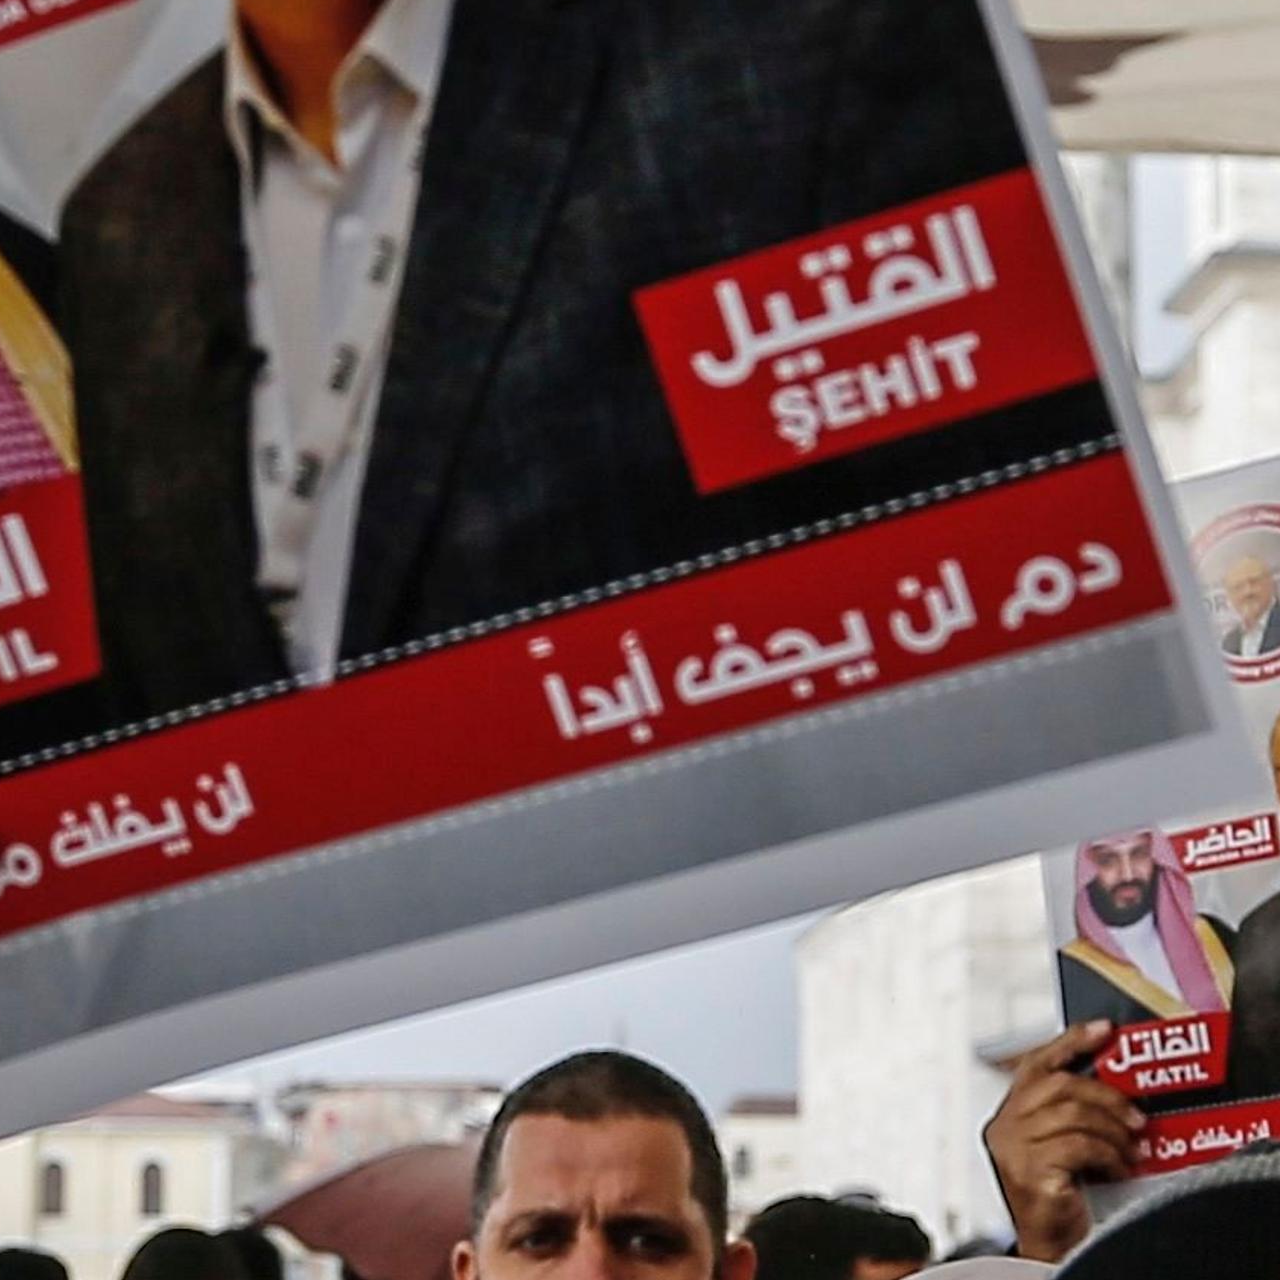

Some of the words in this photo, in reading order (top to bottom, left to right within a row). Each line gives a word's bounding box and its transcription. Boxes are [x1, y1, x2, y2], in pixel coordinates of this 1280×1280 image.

[690, 203, 997, 388] القتيل
[769, 330, 982, 455] ŞEHİT
[890, 558, 978, 654] لن
[999, 540, 1122, 630] دم
[674, 608, 878, 699] يجف
[51, 794, 192, 867] يفلت
[192, 762, 256, 836] لن
[1183, 816, 1271, 865] الحاضر
[1106, 1022, 1210, 1072] القاتل
[1135, 1063, 1209, 1090] KATIL
[1156, 1137, 1187, 1159] من

WORK INSTRUCTIONS:
Each line of the records is to be reproduced exactly, and each picture dropped.

ANSWER AREA:
Some of the words in this photo, in reading order (top to bottom, left to right within a row). Each line gives a word's bounding box and its transcription. Boxes are [x1, y1, x2, y2], in pixel coordinates of this 1280×1280 image.

[690, 203, 997, 388] القتيل
[769, 330, 982, 455] ŞEHİT
[890, 558, 978, 654] لن
[999, 540, 1122, 630] دم
[674, 608, 878, 699] يجف
[51, 794, 192, 867] يفلت
[192, 762, 256, 836] لن
[1183, 816, 1271, 865] الحاضر
[1106, 1022, 1210, 1072] القاتل
[1135, 1063, 1209, 1090] KATIL
[1156, 1137, 1187, 1159] من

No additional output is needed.